The European Medicines Agency (EMA) and the Heads of Medicines Agencies (HMAs) have published an artificial intelligence (AI) workplan to guide the use of AI in medicines regulation until 2028.
Recently adopted this month by the EMA’s Management Board, the workplan aims to set out a collaborative and coordinated approach to maximise the benefits of AI to stakeholders while managing the risks.
At present, pharmaceutical companies are increasingly using AI-powered tools in research, development and to monitor medicines.
Most recently, Merck & Co – known as MSD outside the US and Canada – announced it had entered into a collaboration with French-American biotechnology company, Owkin, to develop and commercialise AI-powered diagnostics for cancer.

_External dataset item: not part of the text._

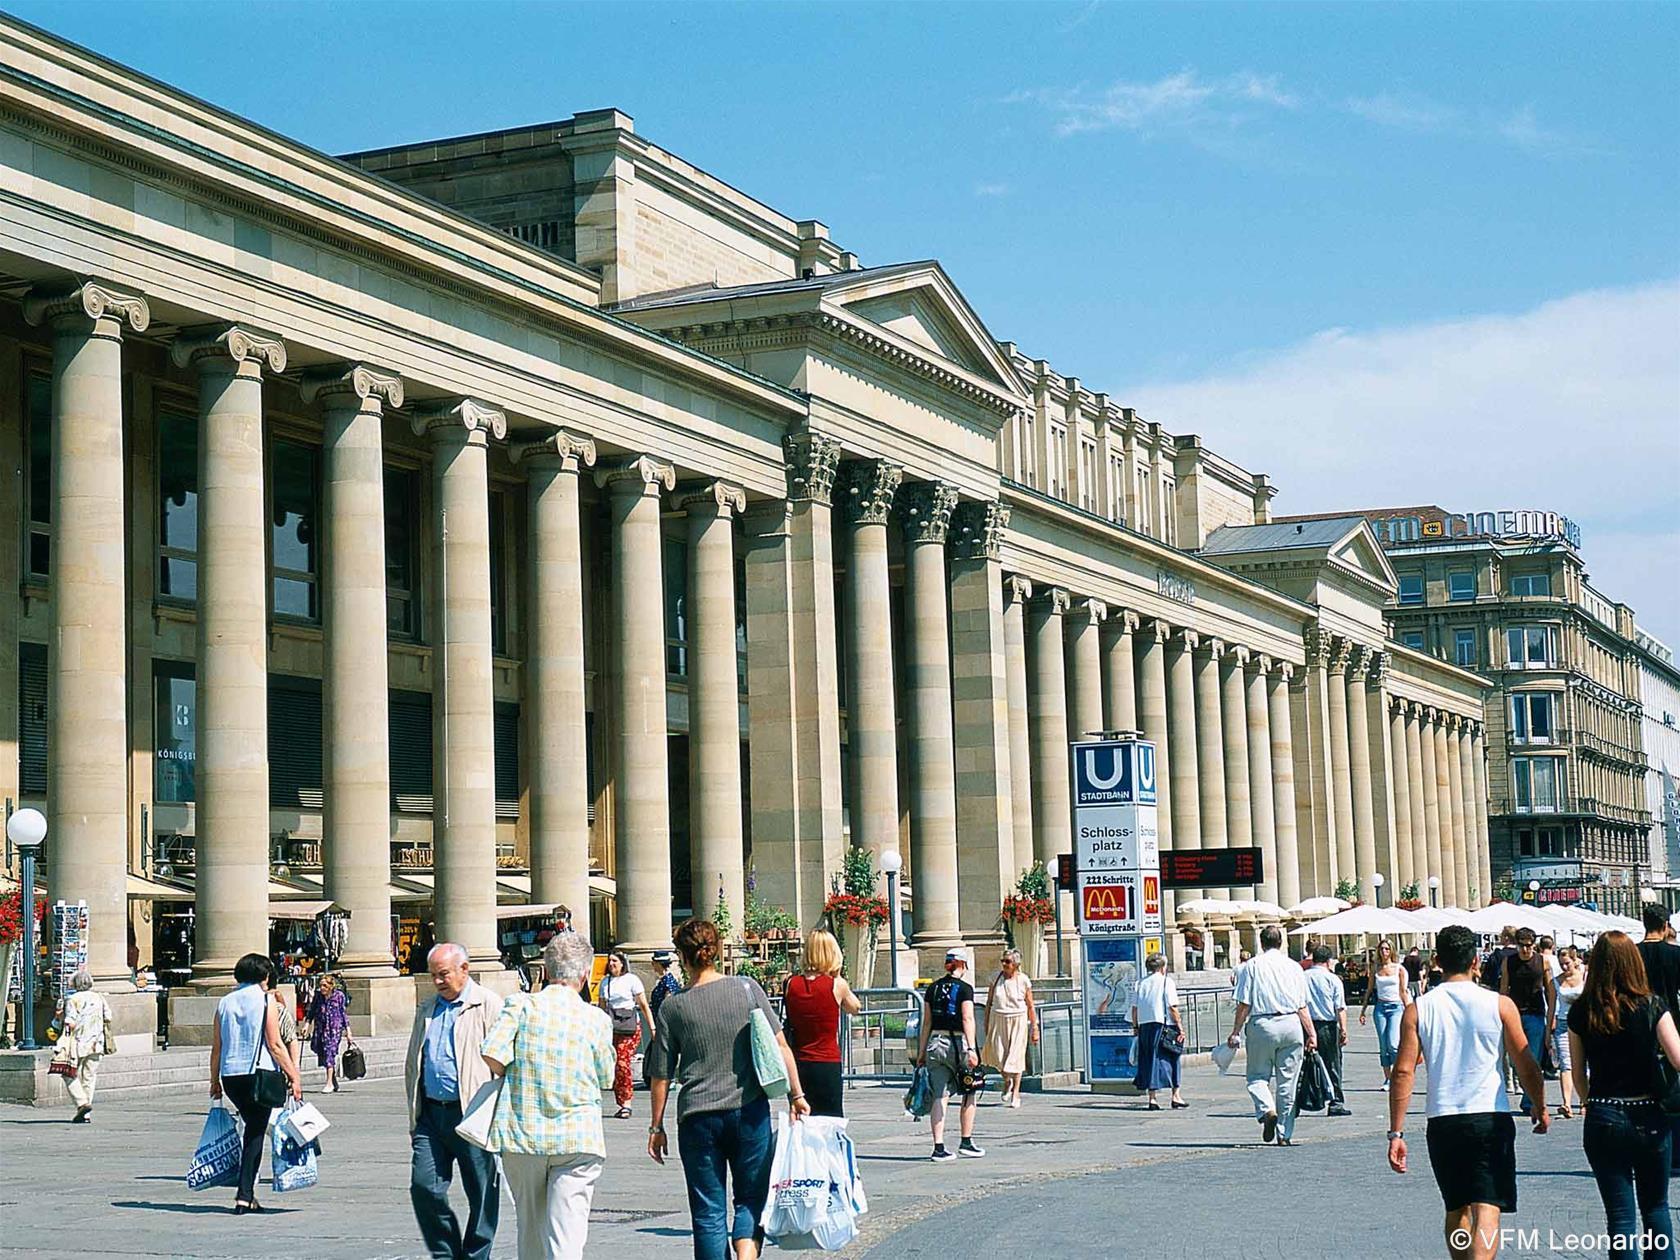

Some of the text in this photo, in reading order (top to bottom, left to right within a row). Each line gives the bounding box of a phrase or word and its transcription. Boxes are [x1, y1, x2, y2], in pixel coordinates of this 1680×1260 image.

Prepared under the joint HMA-EMA Big Data Steering Group (BDSG), the Multi-annual AI workplan 2023-2028 will help the European Medicines Regulatory Network (EMRN) to utilise AI for personal productivity, automate processes and systems, increase insights into data and support more robust decision-making to benefit public and animal health.
Additionally, the workplan will ensure that the EMRN will continue to benefit from AI in medicines regulation.
“The application of AI requires a collaborative, coordinated strategy to maximise the benefits from AI while ensuring that uncertainty is adequately explored and risks are mitigated,” the document states.
Focusing on four key dimensions: guidance, policy and product support; AI tools and technology; collaboration and training; and experimentation, the work plan addresses the new opportunities and challenges of starting to use and develop AI tools.
It highlights the aims of identifying and providing frameworks across networks to use AI tools, plans to continuously develop the capacity and capability of the network, partners and stakeholders in relation to the growing field of AI and implementing several actions to ensure a structured approach to experimentation across the network.
Currently, work has already started for the ongoing public consultation on the AI reflection paper, which is open until the end of December 2023 and preparations to implement the EU AI Act will begin in 2024.
The BDSG will continue to regularly update the AI workplan and regulators, medicine developers, academics, patient organisations, and other parties will be updated throughout the implementation of the plan.